● YOUR GOAL
Please output every record below exactly as written, leaving out any pictures.

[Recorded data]
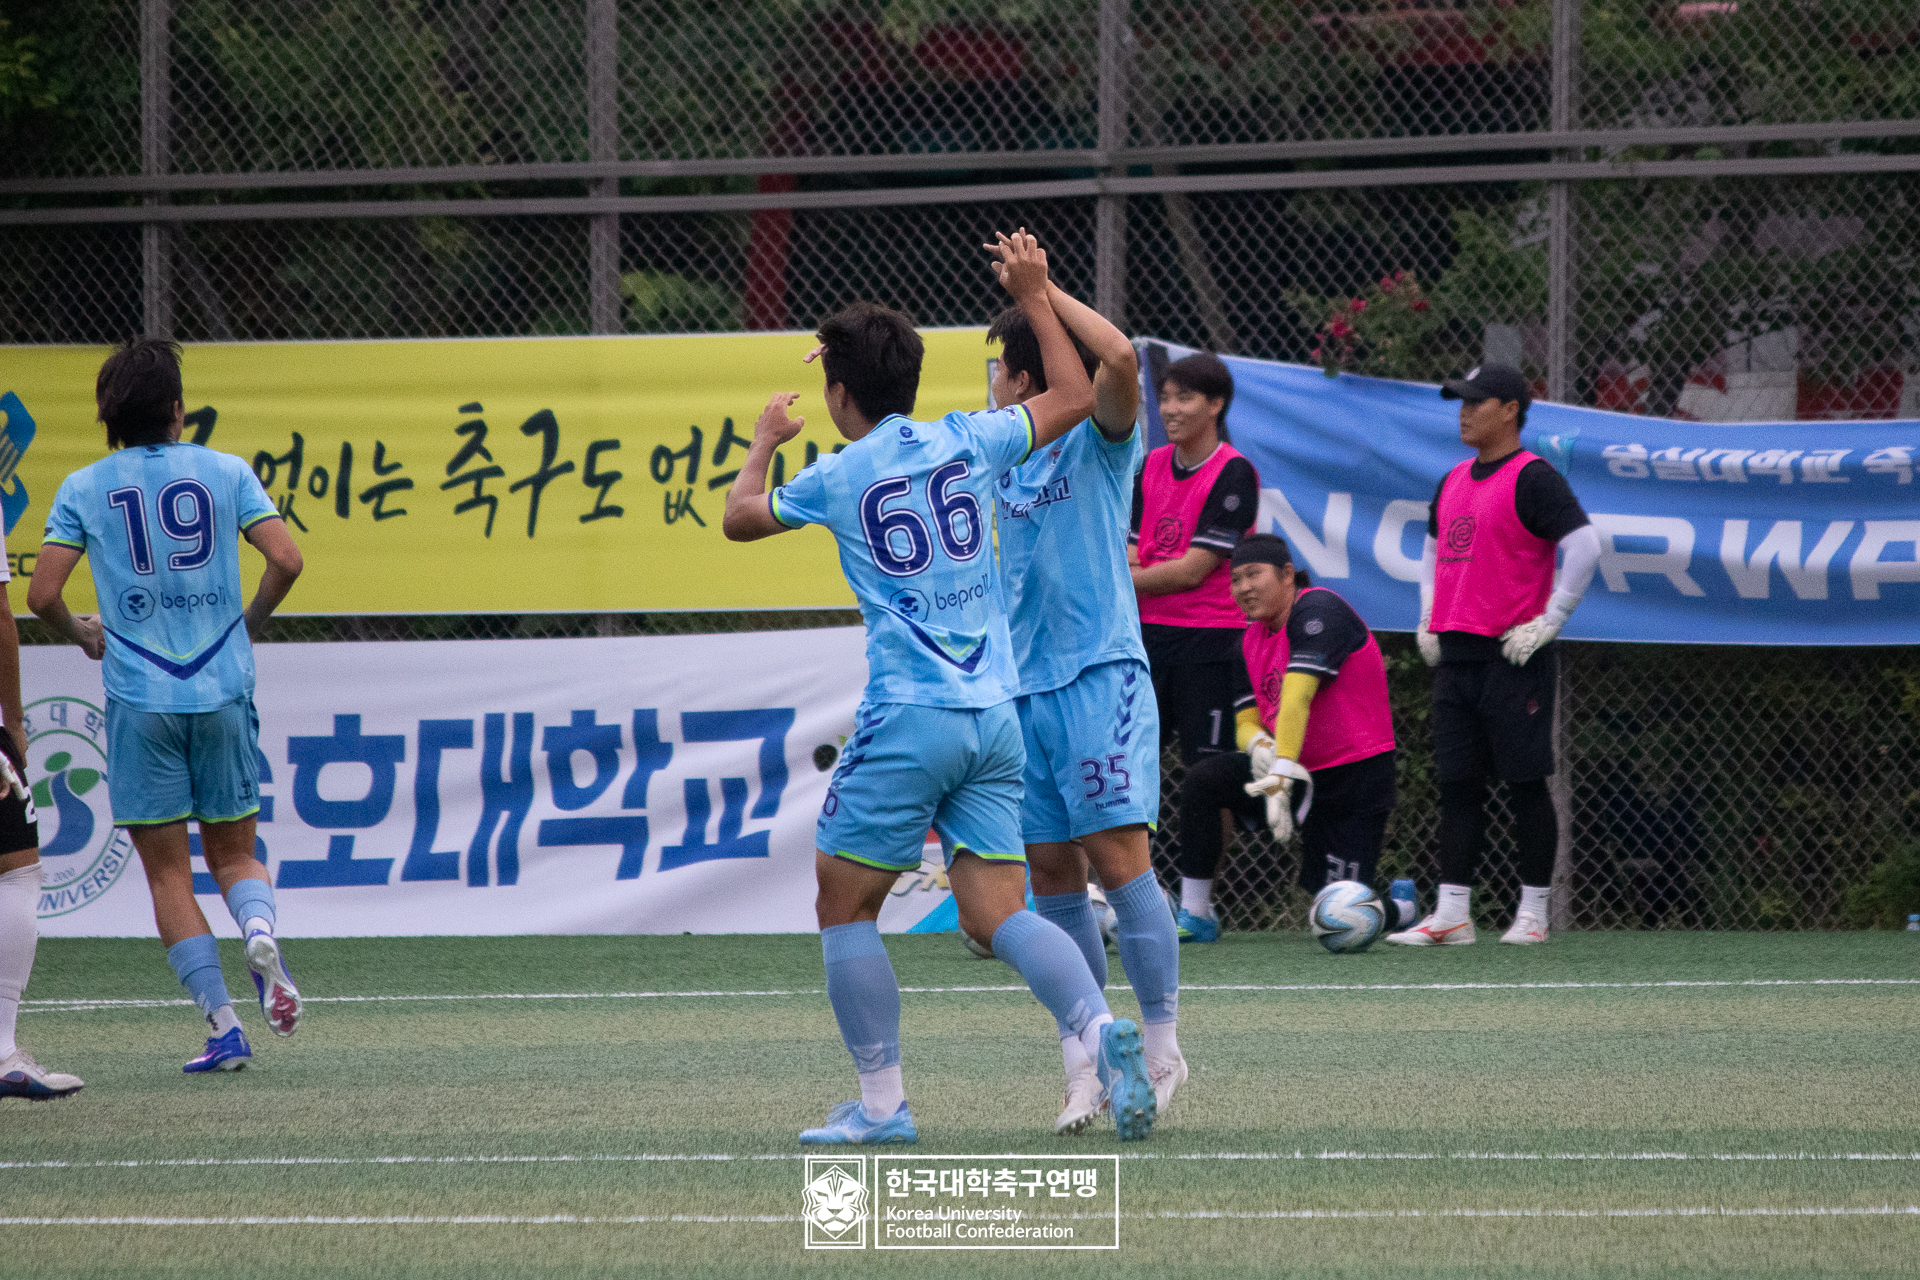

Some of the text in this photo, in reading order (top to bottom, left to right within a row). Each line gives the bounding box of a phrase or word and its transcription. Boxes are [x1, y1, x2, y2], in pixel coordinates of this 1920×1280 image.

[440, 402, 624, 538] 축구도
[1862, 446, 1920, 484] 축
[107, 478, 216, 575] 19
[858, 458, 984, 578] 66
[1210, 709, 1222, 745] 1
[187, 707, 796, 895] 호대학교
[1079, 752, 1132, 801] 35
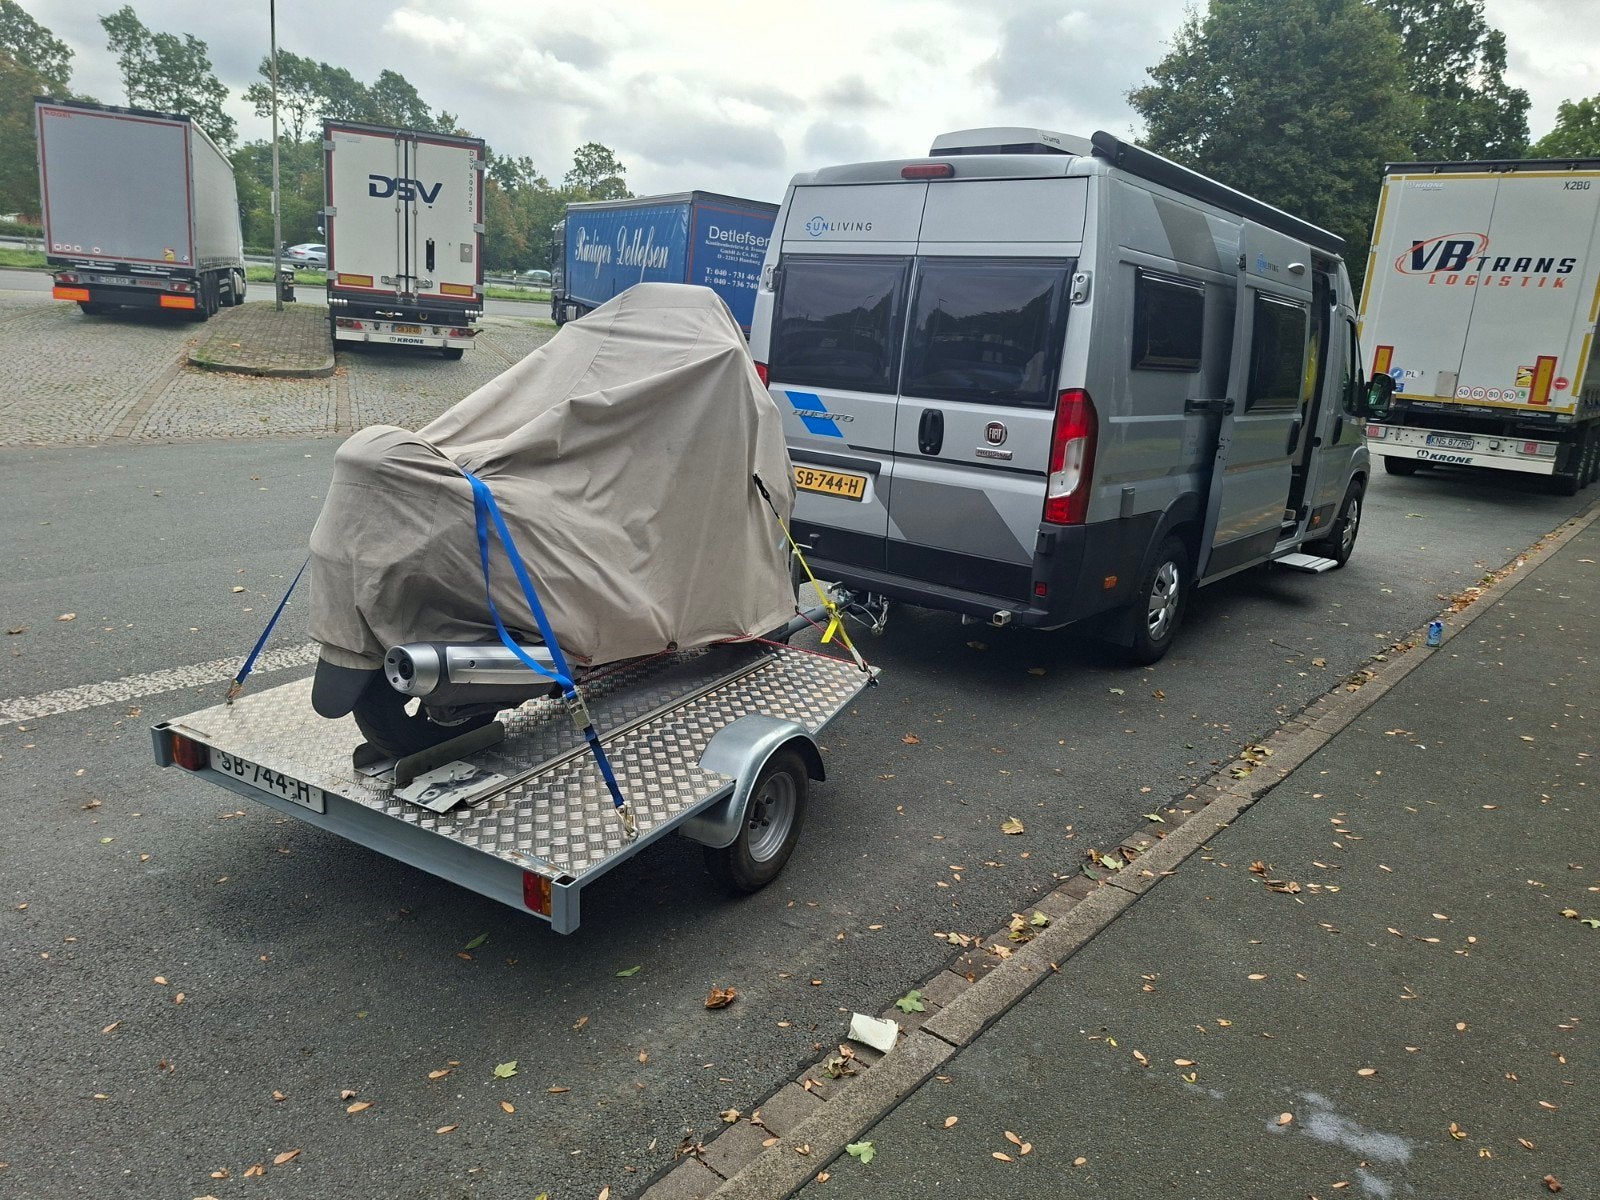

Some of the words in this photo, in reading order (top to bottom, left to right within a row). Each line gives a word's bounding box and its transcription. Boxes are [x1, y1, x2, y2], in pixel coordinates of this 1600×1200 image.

● RESPONSE AREA
Some of the text in this photo, in reading order (top to bottom, left to right within a row). Each line gives the bounding box of a phrase or word and its transcription. Boxes are [x1, y1, x2, y2], in pixel coordinates of this 1920×1280 image.

[440, 402, 624, 538] 축구도
[1862, 446, 1920, 484] 축
[107, 478, 216, 575] 19
[858, 458, 984, 578] 66
[1210, 709, 1222, 745] 1
[187, 707, 796, 895] 호대학교
[1079, 752, 1132, 801] 35

Some of the words in this photo, in reading order (top to bottom, left to right within a row). Each line gives a word's bounding box and its transcription. Boxes are [x1, y1, x2, y2], in pixel coordinates of this 1600×1200 image.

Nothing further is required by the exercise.